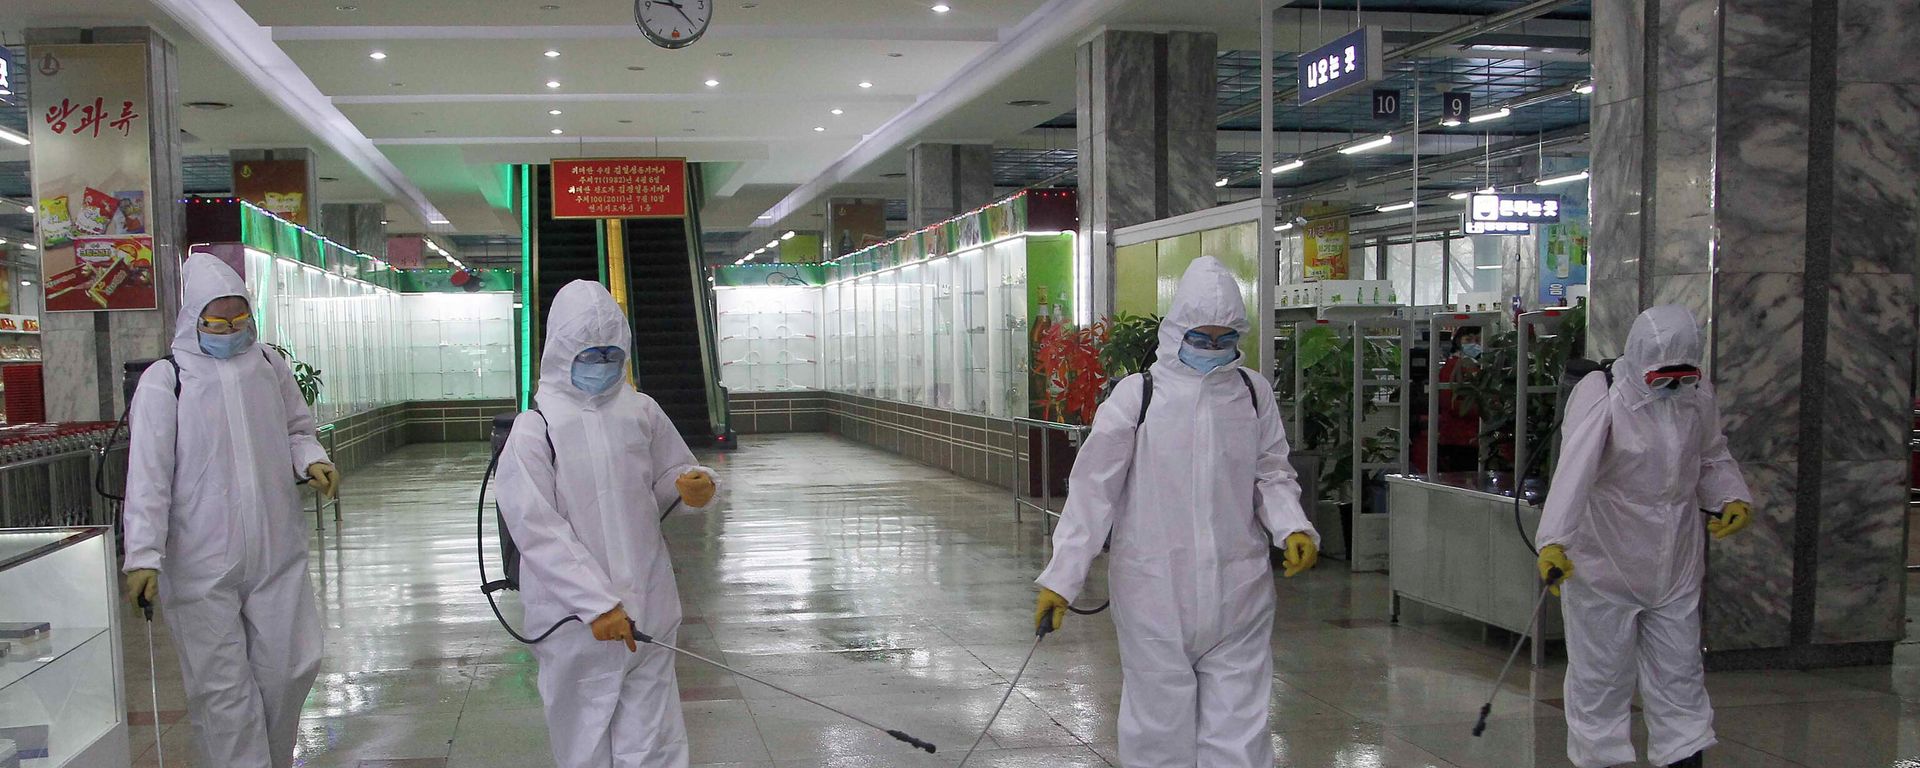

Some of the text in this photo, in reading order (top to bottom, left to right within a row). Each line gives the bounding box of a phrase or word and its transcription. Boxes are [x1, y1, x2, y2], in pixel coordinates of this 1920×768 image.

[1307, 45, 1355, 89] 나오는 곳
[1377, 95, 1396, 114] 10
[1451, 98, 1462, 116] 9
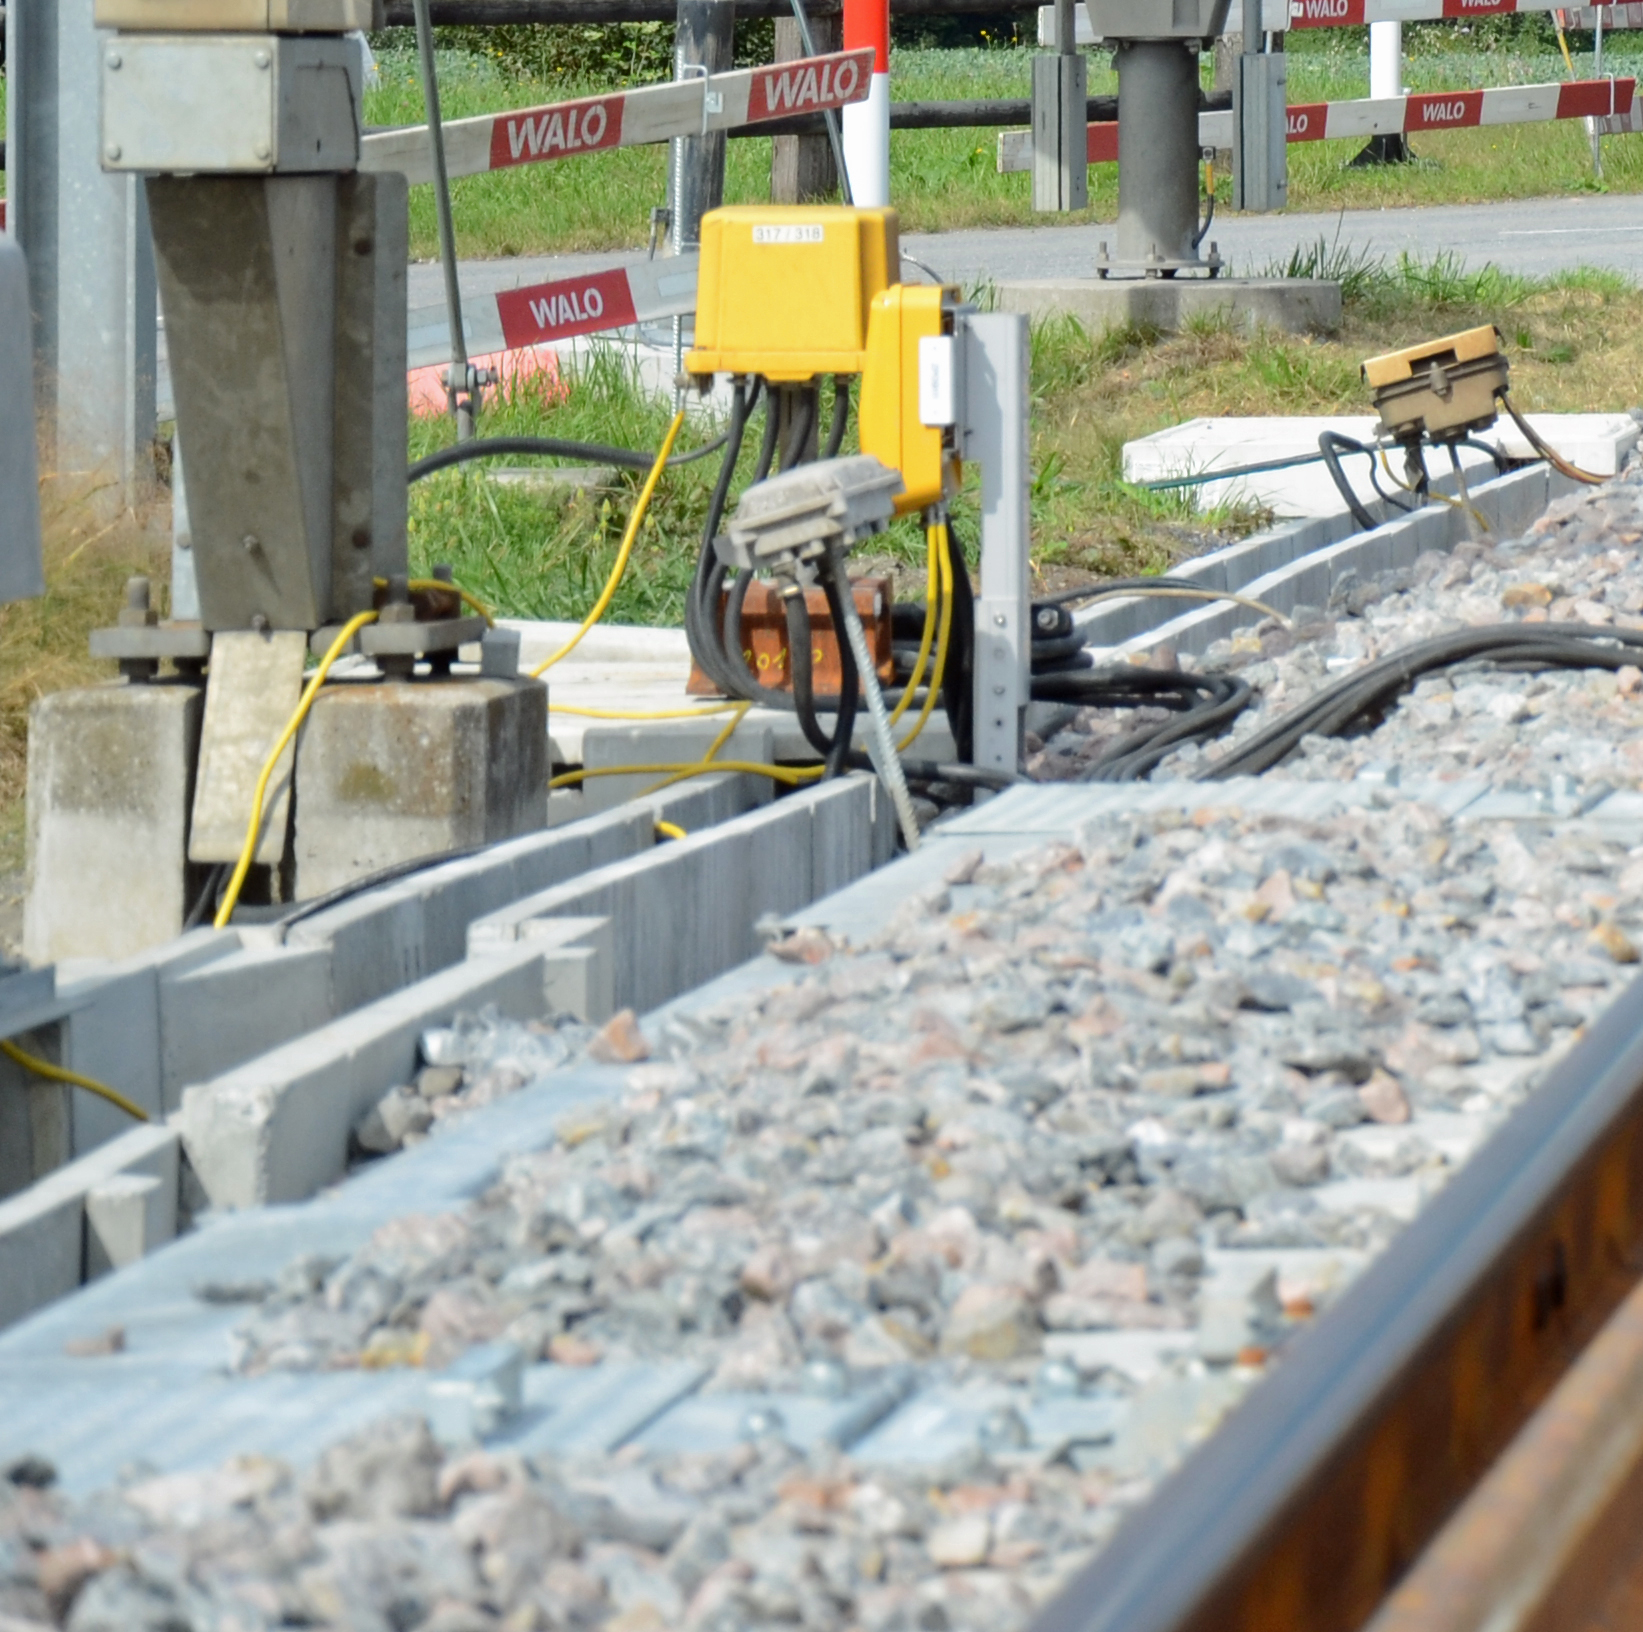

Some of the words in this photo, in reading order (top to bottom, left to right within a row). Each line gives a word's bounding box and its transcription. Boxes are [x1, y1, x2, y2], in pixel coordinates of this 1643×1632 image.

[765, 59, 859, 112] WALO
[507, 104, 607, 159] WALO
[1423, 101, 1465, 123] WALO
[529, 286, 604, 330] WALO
══════════
▶ [Your task]: Leaving the pictures aside, output each entry above exactly as written.

▶ [Task result]:
Some of the text in this photo, in reading order (top to bottom, left to right within a row). Each line gives the bounding box of a phrase or word and its transcription. Boxes are [x1, y1, x2, y2], in pixel coordinates of this 1920×768 image.

[1307, 45, 1355, 89] 나오는 곳
[1377, 95, 1396, 114] 10
[1451, 98, 1462, 116] 9

Some of the words in this photo, in reading order (top to bottom, left to right within a row). Each line gives a word's bounding box and its transcription. Boxes are [x1, y1, x2, y2], in pixel coordinates of this 1643×1632 image.

[765, 59, 859, 112] WALO
[507, 104, 607, 159] WALO
[1423, 101, 1465, 123] WALO
[529, 286, 604, 330] WALO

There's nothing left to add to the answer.